Leonard A A, Jonker M, Lagaaij E L
Department of Immunohaematology, University Hospital Leiden, The Netherlands.
Transplantation. 1996 Jun 15;61(11):1648-51. doi: 10.1097/00007890-199606150-00017.
The influence of pretransplant blood transfusions on kidney allograft survival after cessation of immunosuppressive treatment was studied in 11 rhesus monkeys. The animals were conditioned by three pretransplant blood transfusions. After an induction treatment with cyclosporine (CsA), the immunosuppression was stopped and the natural course of the graft was followed. In two monkeys long-term graft survival without immunosuppression was obtained (2.5 and 4.25 years). In a third monkey, permanent allograft acceptance was achieved after complete cessation of immunosuppression.
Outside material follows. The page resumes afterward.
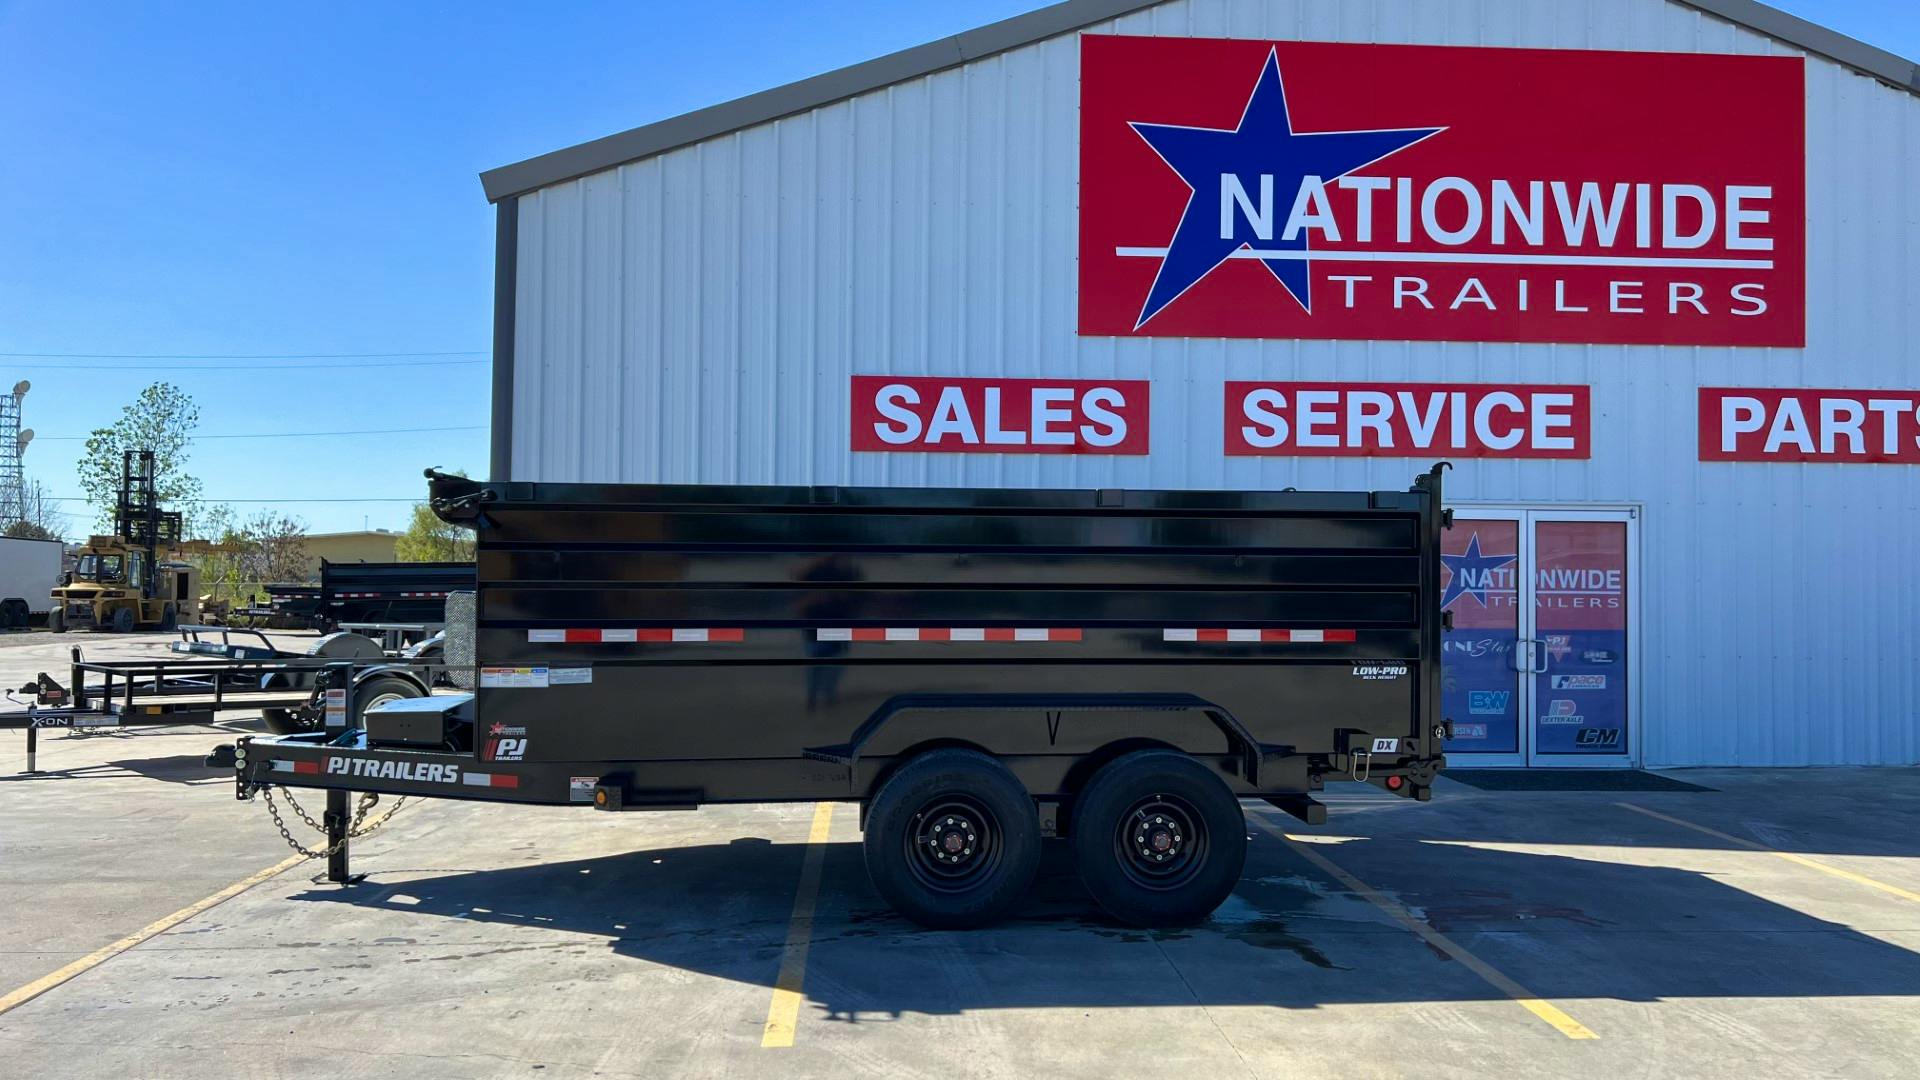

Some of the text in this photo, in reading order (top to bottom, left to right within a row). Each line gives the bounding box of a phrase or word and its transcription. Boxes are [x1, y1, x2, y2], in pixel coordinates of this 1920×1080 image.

The monkey is still alive with a well-functioning graft for more than 13 years after cessation of immunosuppression. This monkey had received CsA for 12 months, two MHC DR-matched blood transfusions, and no repeated mismatches between graft and blood transfusion donors. We speculate that blood transfusions may influence allograft function in two opposite ways. As reported previously in man, MHC class-II-matched transfusions appear to beneficially influence allograft survival. This effect seems to be negated by a mismatched MHC class II antigen in the blood transfusion donor which is also present in the organ donor -- a so-called repeated mismatch. Further studies in rhesus monkeys are required to confirm and extend these results. In the future, these observations might help in developing a protocol that opens up the possibility of cessation of immunosuppression in transplant patients.